(WHAT TO PRODUCE):
The records below need to be repeated exactly, though not their pictures.

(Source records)
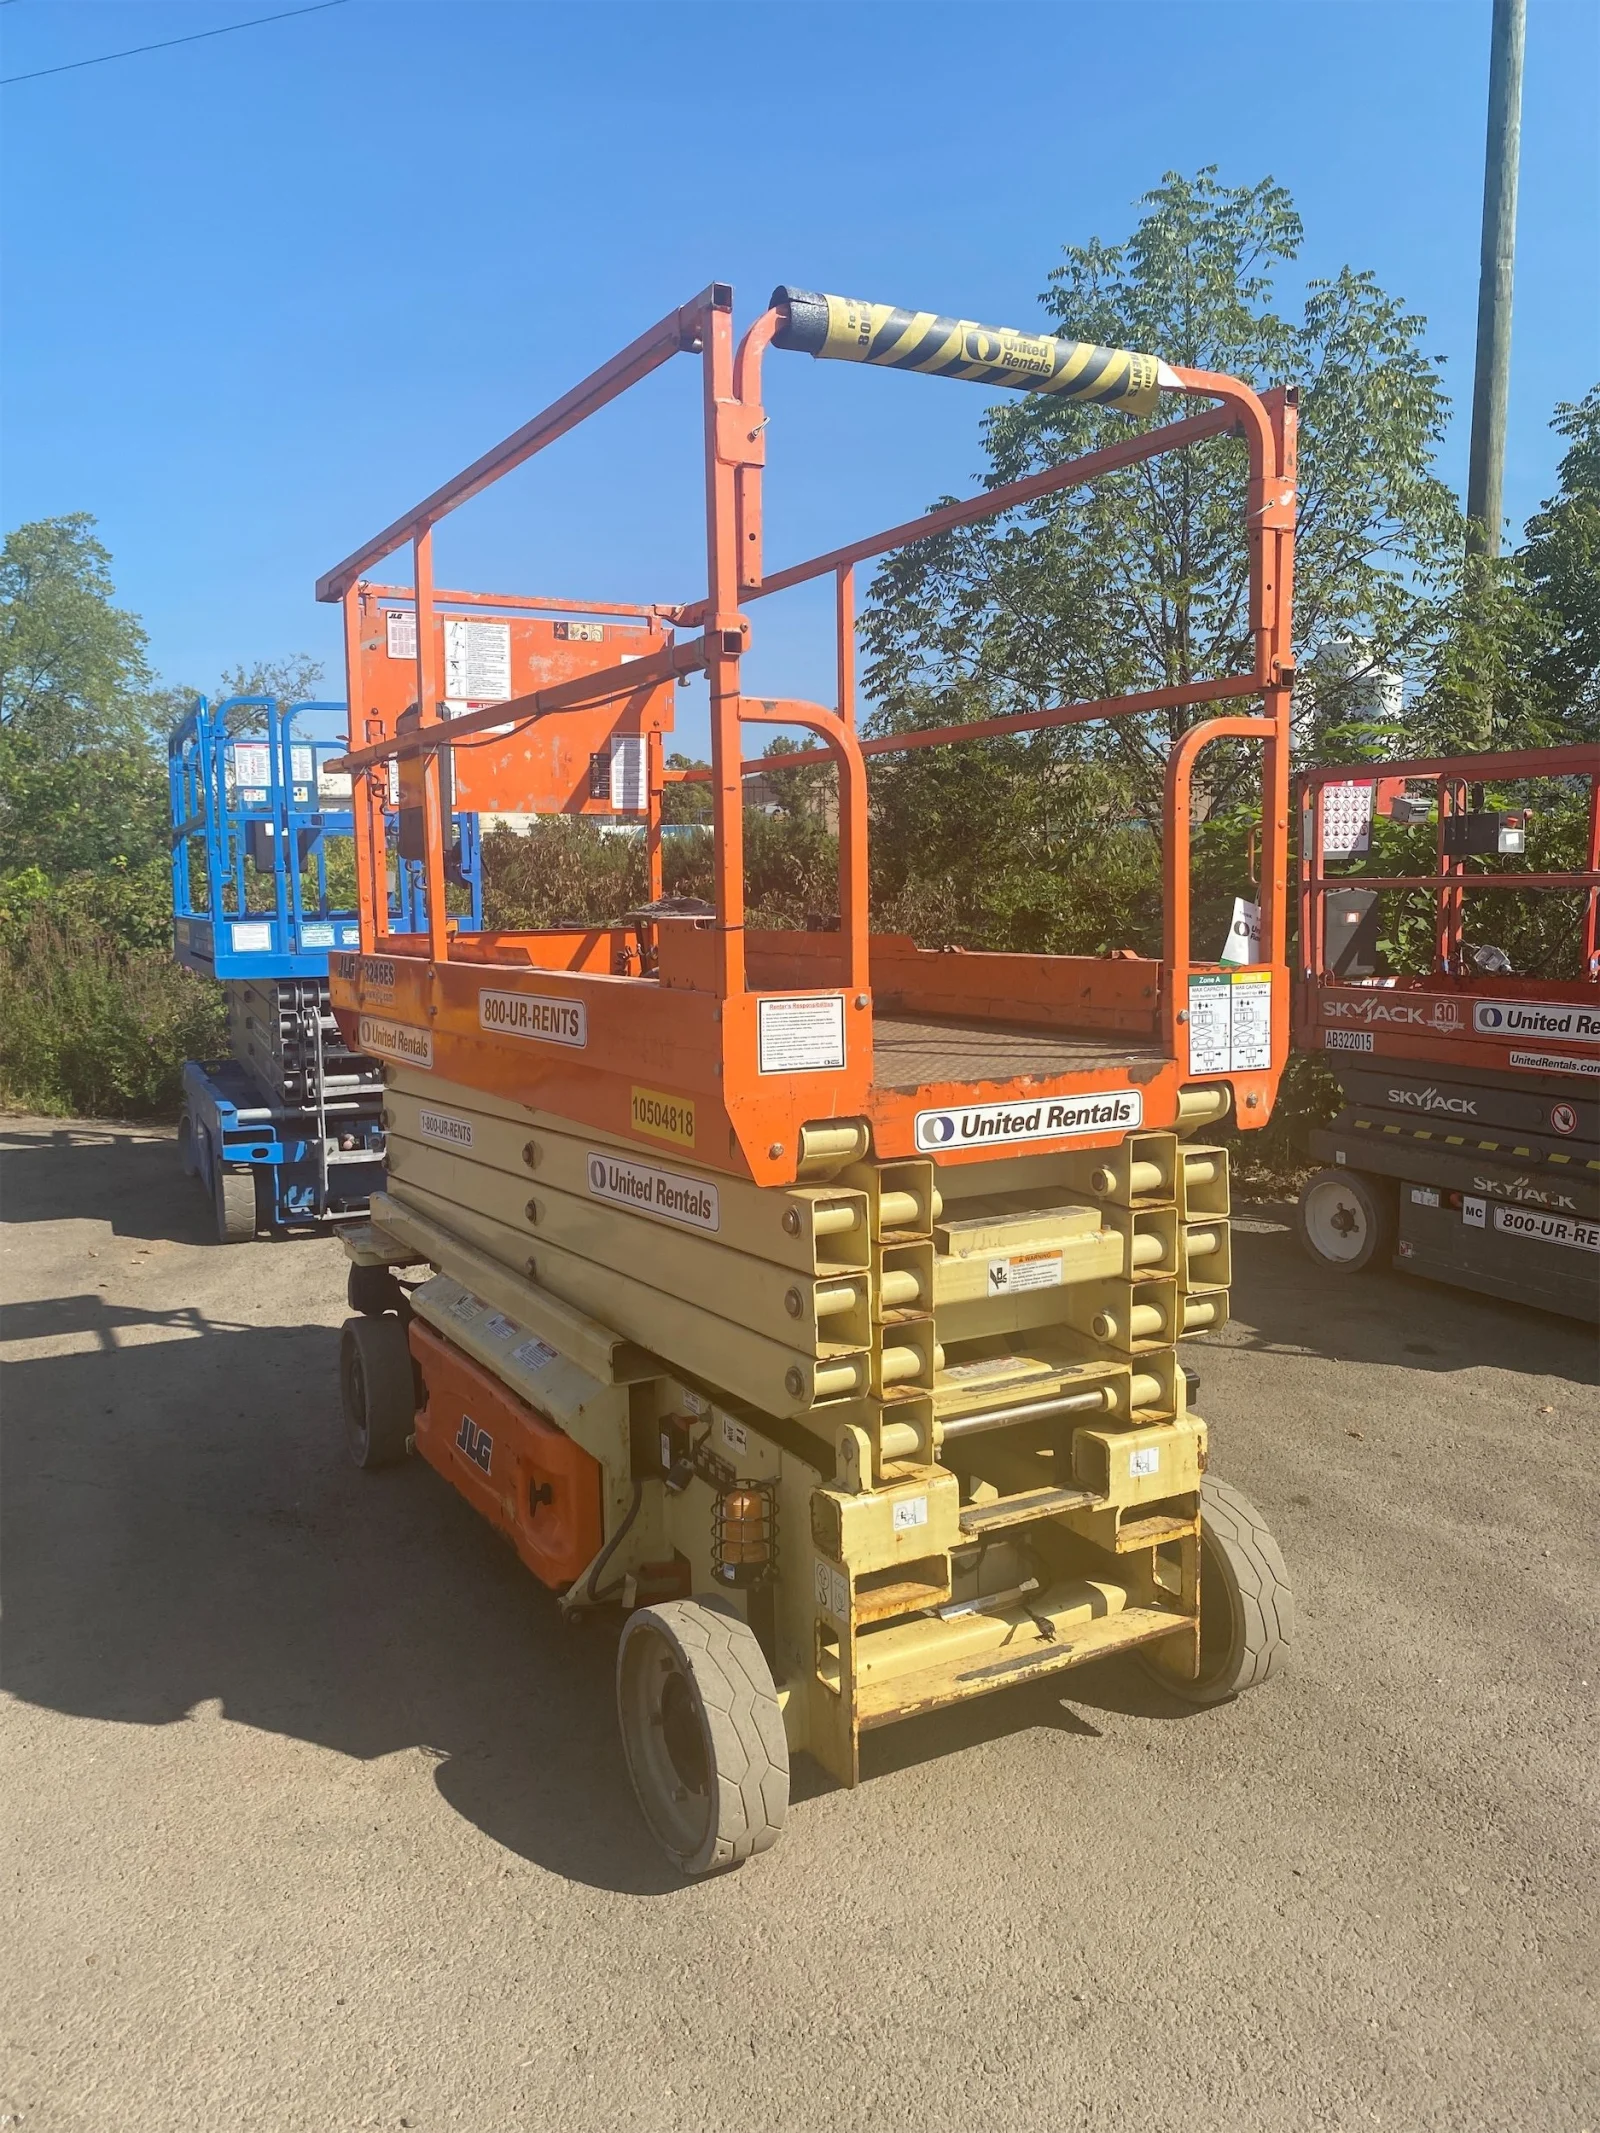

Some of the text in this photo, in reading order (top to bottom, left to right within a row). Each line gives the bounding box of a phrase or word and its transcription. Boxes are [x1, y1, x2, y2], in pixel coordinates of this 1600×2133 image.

[1003, 337, 1048, 357] United
[1001, 352, 1051, 373] Rentals
[364, 961, 395, 988] 3246ES
[1198, 976, 1215, 984] Zone
[485, 998, 579, 1037] 800-UR-RENTS
[1322, 997, 1425, 1024] SKYJACK
[1507, 1010, 1572, 1032] United
[372, 1024, 428, 1058] United Rentals
[1326, 1031, 1372, 1050] AB322015
[1388, 1086, 1477, 1115] SKYJACK
[422, 1115, 471, 1142] 1-800-UR-RENTS
[632, 1096, 694, 1137] 10504818
[961, 1099, 1131, 1138] United Rentals
[608, 1166, 711, 1220] United Rentals
[1465, 1205, 1483, 1218] MC
[1025, 1252, 1051, 1262] WARNING
[456, 1414, 494, 1477] JLG

(EXERCISE RESPONSE):
Some of the text in this photo, in reading order (top to bottom, left to right within a row). Each line gives the bounding box of a phrase or word and its transcription. Boxes are [x1, y1, x2, y2], in pixel coordinates of this 1600×2133 image.

[1003, 337, 1048, 357] United
[1001, 352, 1051, 373] Rentals
[364, 961, 395, 988] 3246ES
[1198, 976, 1215, 984] Zone
[485, 998, 579, 1037] 800-UR-RENTS
[1322, 997, 1425, 1024] SKYJACK
[1507, 1010, 1572, 1032] United
[372, 1024, 428, 1058] United Rentals
[1326, 1031, 1372, 1050] AB322015
[1388, 1086, 1477, 1115] SKYJACK
[422, 1115, 471, 1142] 1-800-UR-RENTS
[632, 1096, 694, 1137] 10504818
[961, 1099, 1131, 1138] United Rentals
[608, 1166, 711, 1220] United Rentals
[1465, 1205, 1483, 1218] MC
[1025, 1252, 1051, 1262] WARNING
[456, 1414, 494, 1477] JLG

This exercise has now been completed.